~~ Histoire Naturelle,
Civile et Ecclésiastique
de L'Empire du Japon ~~

by Engelbert Kaempfer

Illustrated Red/Black Title Pages

Kaempfer, Engelbert:
Histoire Naturelle, Civile et Ecclésiastique de L'Empire du Japon: Compofée en Allemand par Engelbert Kaempfer, Docteur en Medecine a Lemgow, & traduite en François fur la Version Angloise de Jean-Gaspar Scheuchzer, Membre de la Société Roiale, & du Collège des Médecins, à Londres. Ouvrage enrichi de quantite de Figures deflinees d'apres le naturel par L'Auteur meme, The Hague (A la Haye), Chez P. Gosse, & J. Neaulme, 1729 (MDCCXXIX), large 4to (9 1/2 x 14 in - 24 x 36 cm), two volumes (tomes).

Volume I, title page printed in red and black with engraved vignette by D. Coster, dedication page with engraved head-piece, "Epiture" (3 pages), table of contents (2 pages), i-lii pages of "Preliminaire" which include the author's preface, the life of the author, an introduction by the translator, a listing and explanation of the plates (called tabs), 45 copper engraved plates on fine laid paper, including maps, plans, views, tea plant and utensils, medicine and flora and fauna plates and text pages 1-217 following the plates. It appears that in some editions there is a second engraved title page.

Volume II, title page printed in red and black with engraved vignette by D. Coster. It contains a "Livre" (2 pages), text pages (pages 1-313), Appendix 1 & 2 (pages 1-87) and an index - "Table of Matieres" (pages 88-96).

The plates. The set contains 45 fine copper engraved plates, all found in volume I. These were prepared under the supervision of the translator Scheuchzer and many are said to be based upon drawings and sketches in Kaempfer's manuscripts. There are 35 double page plates (3 are folding), 10 single page plates (9 are folding). The double page plates are mounted left to right. In some bindings, the plates are not bound directly into the book. Instead, they are attached to a linen type "T" type stub/strip which is bound into the book. This is a very high quality technique and the double page plates are actually a continuous sheet with no loss of image between the two sides of the plate. To see the plate binding using this technique, click here.

The following is a precise listing of all pages in the Volumes I and II that I have examined.

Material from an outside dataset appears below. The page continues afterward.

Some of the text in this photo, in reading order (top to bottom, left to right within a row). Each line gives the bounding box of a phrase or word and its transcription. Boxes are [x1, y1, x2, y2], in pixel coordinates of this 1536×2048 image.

Volume I is text and plates and has:

  • Title Page (1 page, no printing on back),
  • Dedication page to Henry Friso (1 page),
  • "Epitre"(pages 1-3),
  • "Table des Chapitres" (2 pages),
  • "Preface de L'Auteur" and "La Vie de L'Auteur" and "Discours Preliminaire du Traducteur" and "Explication des XLV Planches" (pages i-li),
  • 44 plates (1 missing),
  • Text pages 1-217.

Volume II is all text and it has:

  • Title Page (1 page, no printing on back),
  • "Livre" (2 pages),
  • Text pages 1-313,
  • Appendix 1 & 2 (pages 1-87),
  • Index - "Table of Matieres" (pages 88-96).

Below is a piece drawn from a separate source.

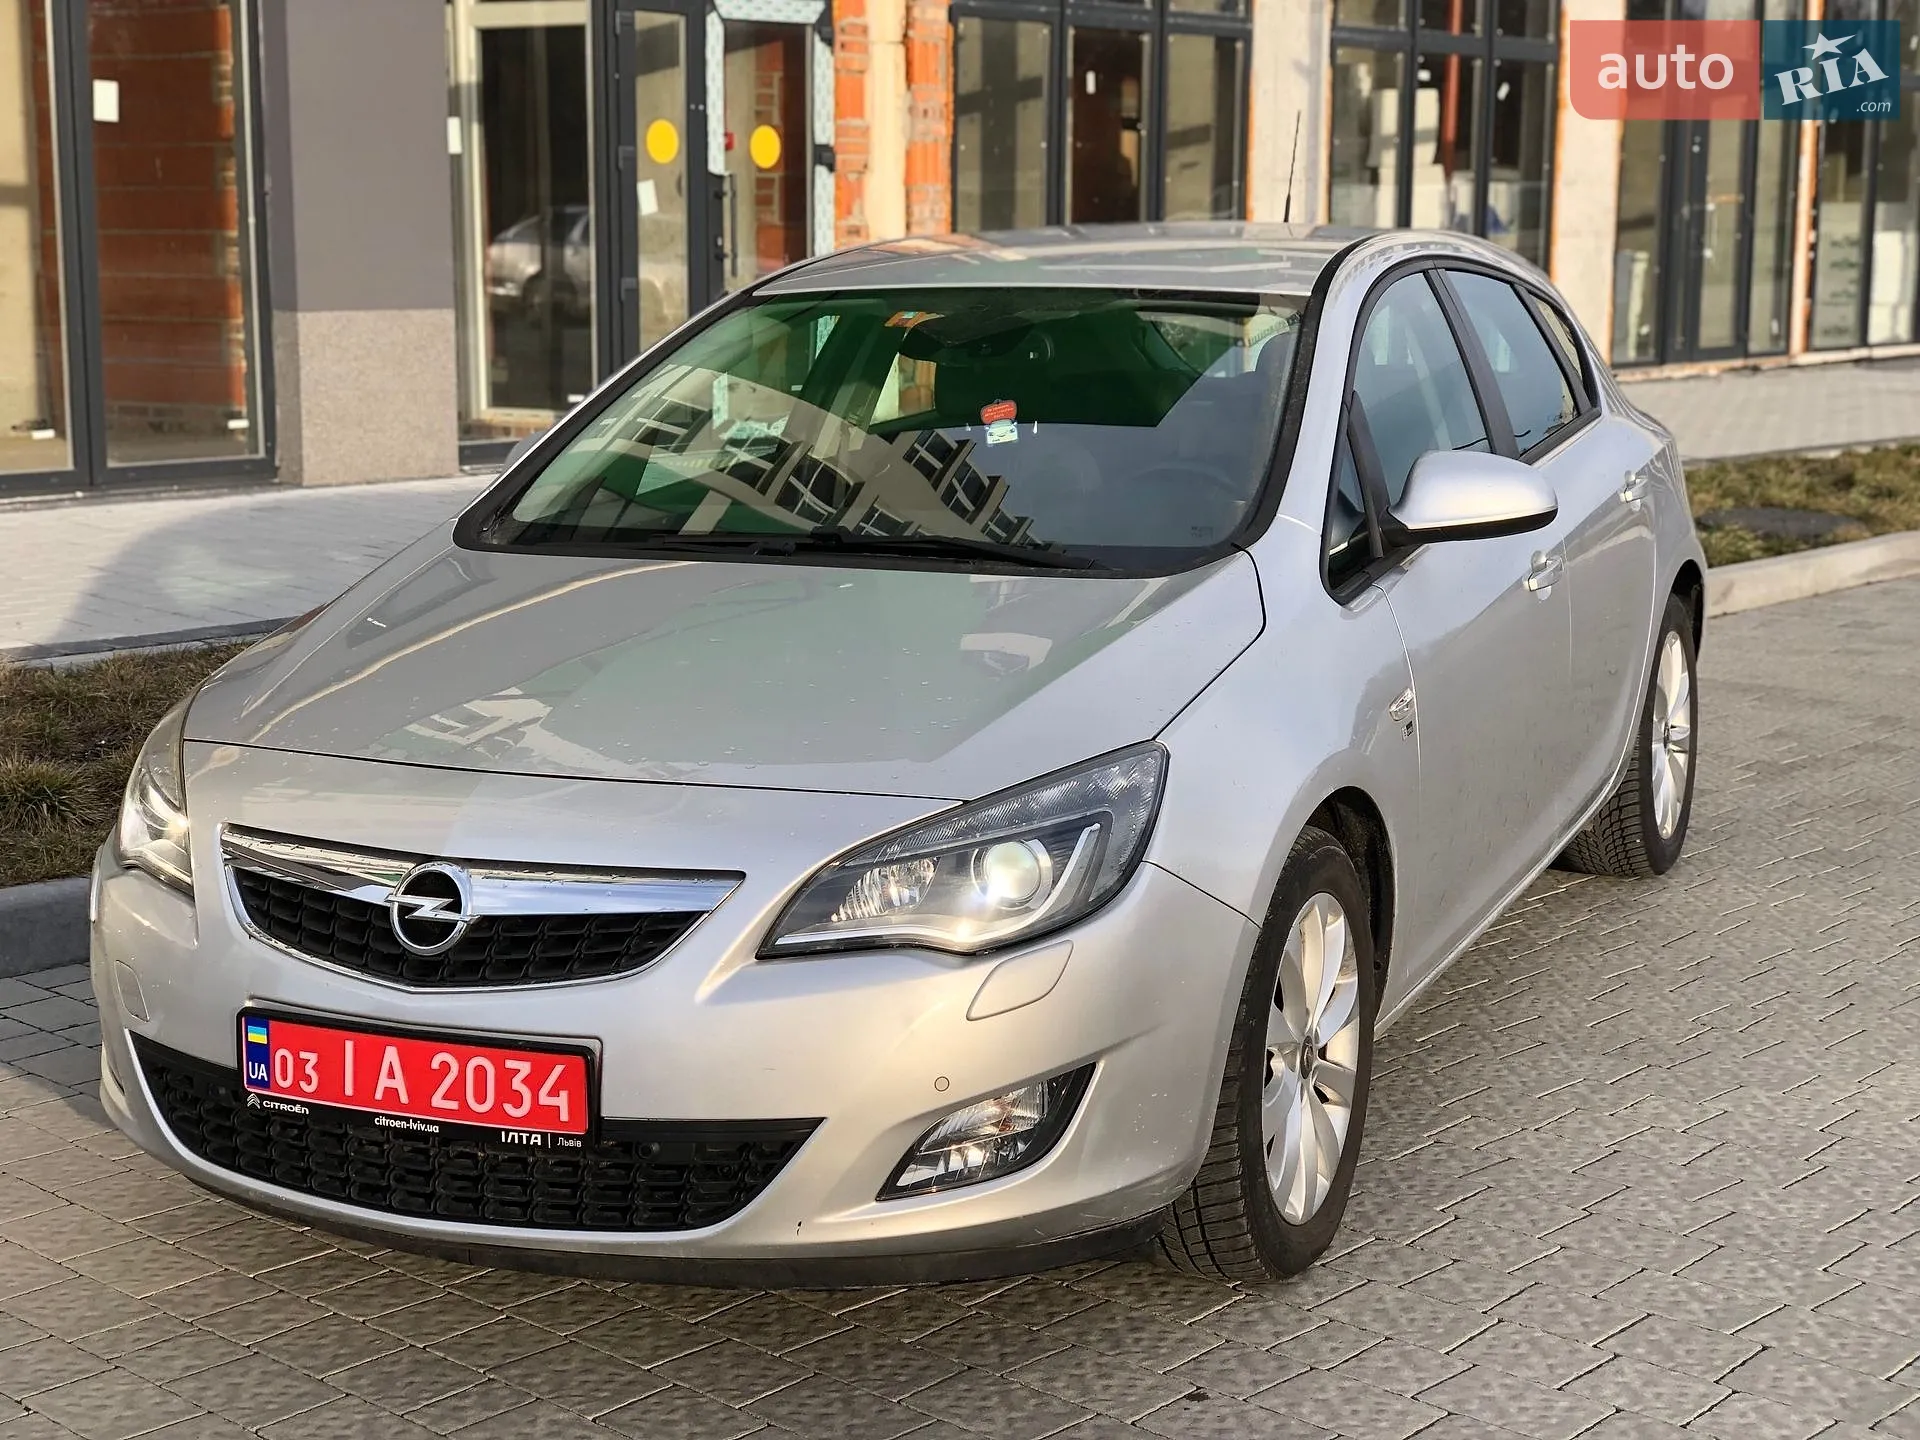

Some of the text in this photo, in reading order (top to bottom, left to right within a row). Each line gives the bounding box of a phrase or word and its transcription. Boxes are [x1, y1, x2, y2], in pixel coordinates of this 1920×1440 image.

[249, 1062, 268, 1081] UA
[272, 1048, 319, 1093] 03
[430, 1052, 569, 1122] 2034
[374, 1116, 439, 1133] citroen-lviv.ua

Engelbert Kaempfer (1651-1716), a physician and botanist, served as the medical officer at the Dutch concession on Deshima from 1690-1692. In his position, and because of his background, he had a rare opportunity and ability to observe and record Japanese life, culture and natural history. He also participated in two trips from Deshima to Jedo (Tokyo) and carefully documented his observations. All this occurred during a period where Japan was secluded from the Western world. On his return to Germany in 1693 he published an account of his travels under the title of Amoenitates Exoticae. However, his extensive manuscripts regarding Japan remained unpublished. These were obtained by Sir Hans Sloane who had them translated into English by J.G. Scheuchzer. Thus, in 1727, the first edition of Kaempfer's comprehensive account of Japan appeared in English as The History of Japan. This was followed in 1729 by translations in both Dutch and French. This is the 1729 French edition which is a translation of the English edition. A second French edition (abridged pocket book size/12mo) was published in a three volume set by Uytwerf in Amsterdam in 1732.

Until the Narrative of the Perry Expedition to Japan published in 1856-7, these works derived from Kaempfer's manuscripts were the primary source of information about Japan in the Western world.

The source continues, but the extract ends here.